Complex & Intelligent Systems ( IF 5.0 ) Pub Date : 2024-11-12 , DOI: 10.1007/s40747-024-01627-5 Qijun Wang, Chunxin Sang, Haiping Ma, Chao Wang
Recently, nonrevisiting genetic algorithms have demonstrated superior capabilities compared with classic genetic algorithms and other single-objective evolutionary algorithms. However, the search efficiency of nonrevisiting genetic algorithms is currently low for some complex optimisation problems.
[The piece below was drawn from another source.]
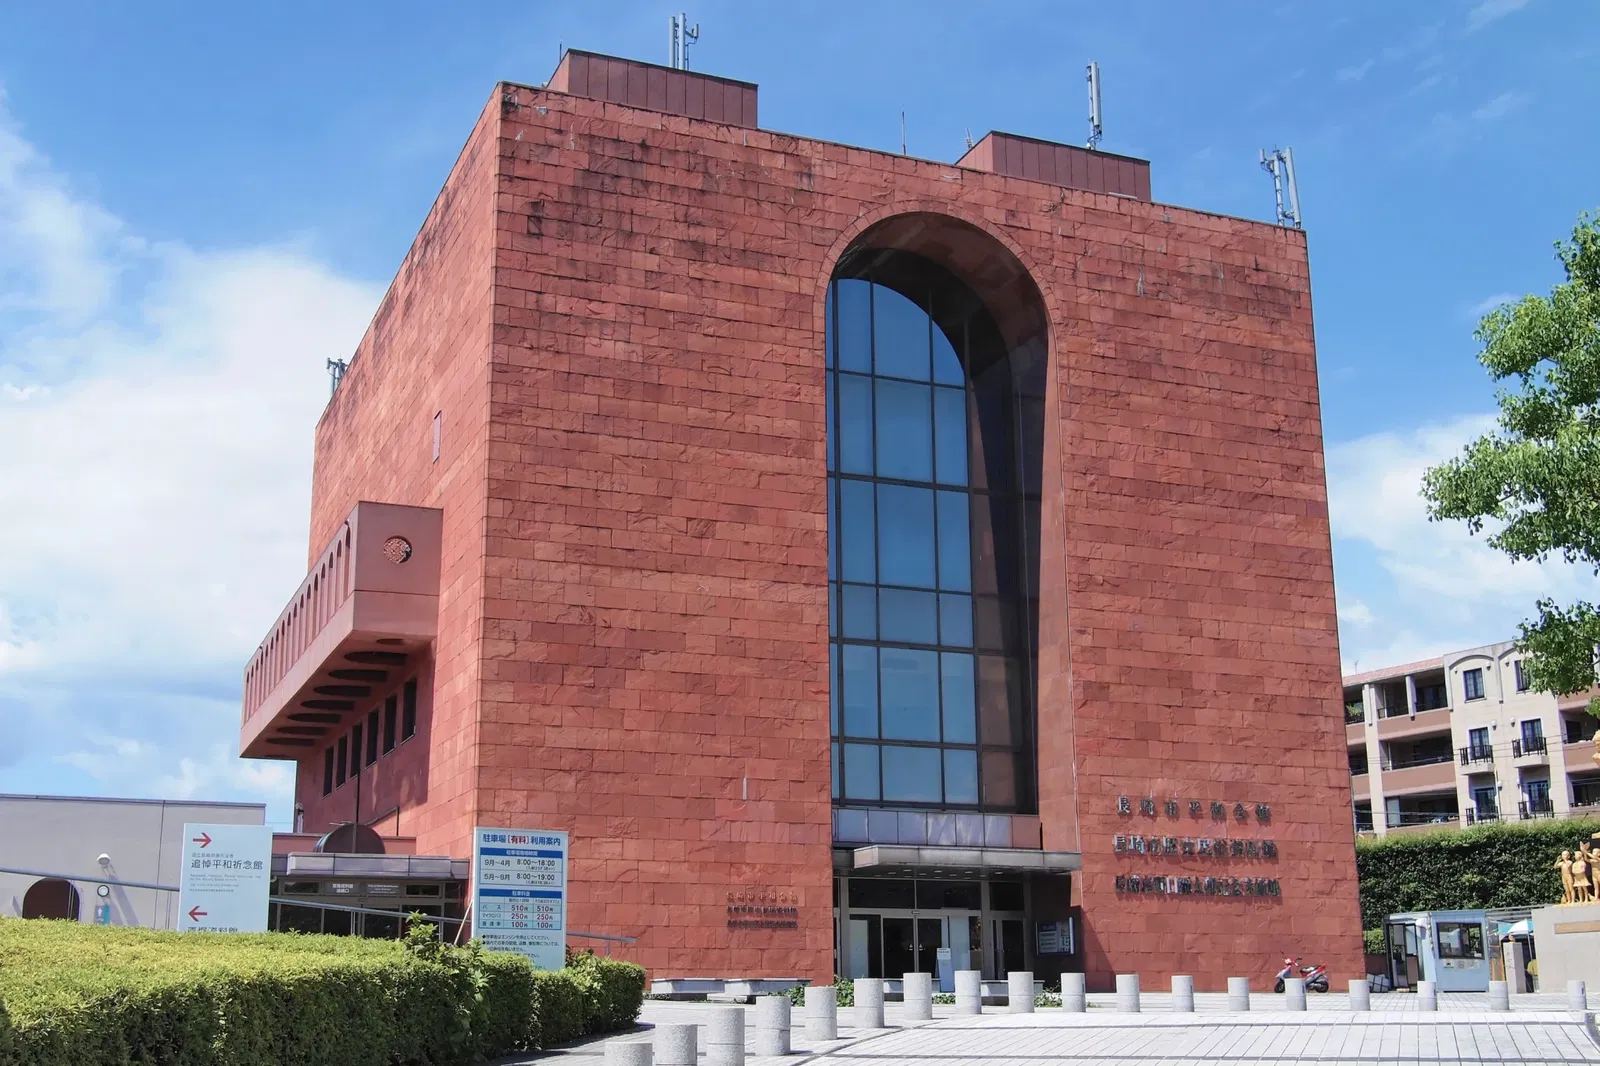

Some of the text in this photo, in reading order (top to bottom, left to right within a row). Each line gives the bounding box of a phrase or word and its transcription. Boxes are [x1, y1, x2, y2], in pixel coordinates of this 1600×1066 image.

[190, 859, 263, 870] 追悼平和祈念館
This study proposes a nonrevisiting genetic algorithm with a multi-region guided search to improve the search efficiency. The search history is stored in a binary space partition (BSP) tree, where each searched solution is assigned to a leaf node and corresponds to a search region in the search space. To fully exploit the search history, several optimal solutions in the BSP tree are archived to represent the most potential search regions and estimate the fitness landscape in the search space. Except for the conventional genetic operations, the offspring can also be generated through multi-region guided search strategy, where the current solution is first navigated to one of the candidate search regions and is further updated towards the direction of the optimal solution in the search history to speedup convergence. Thus, multi-region guided search can reduce the possibility of getting trapped in local optima when solving problems with complex landscapes. The experimental results on different types of test suites reveal the competitiveness of the proposed algorithm in comparison with several state-of-the-art methods.
中文翻译:
一种基于多区域引导搜索策略的非重访遗传算法
最近,与经典遗传算法和其他单目标进化算法相比,非重新审视的遗传算法已显示出卓越的能力。然而,对于一些复杂的优化问题,目前非重新访问遗传算法的搜索效率很低。本研究提出了一种具有多区域引导搜索的非重访遗传算法,以提高搜索效率。搜索历史记录存储在二进制空间分区 (BSP) 树中,其中每个搜索的解决方案都分配给一个叶节点,并对应于搜索空间中的搜索区域。为了充分利用搜索历史,BSP 树中的几个最佳解决方案被存档,以表示最有潜力的搜索区域并估计搜索空间中的适应度景观。除了常规的遗传操作外,后代也可以通过多区域引导搜索策略生成,其中当前解决方案首先导航到候选搜索区域之一,然后进一步向搜索历史中最优解决方案的方向更新以加速收敛。因此,在解决复杂景观问题时,多区域引导搜索可以减少陷入局部最优的可能性。在不同类型的测试套件上的实验结果揭示了所提算法与几种最先进方法相比的竞争力。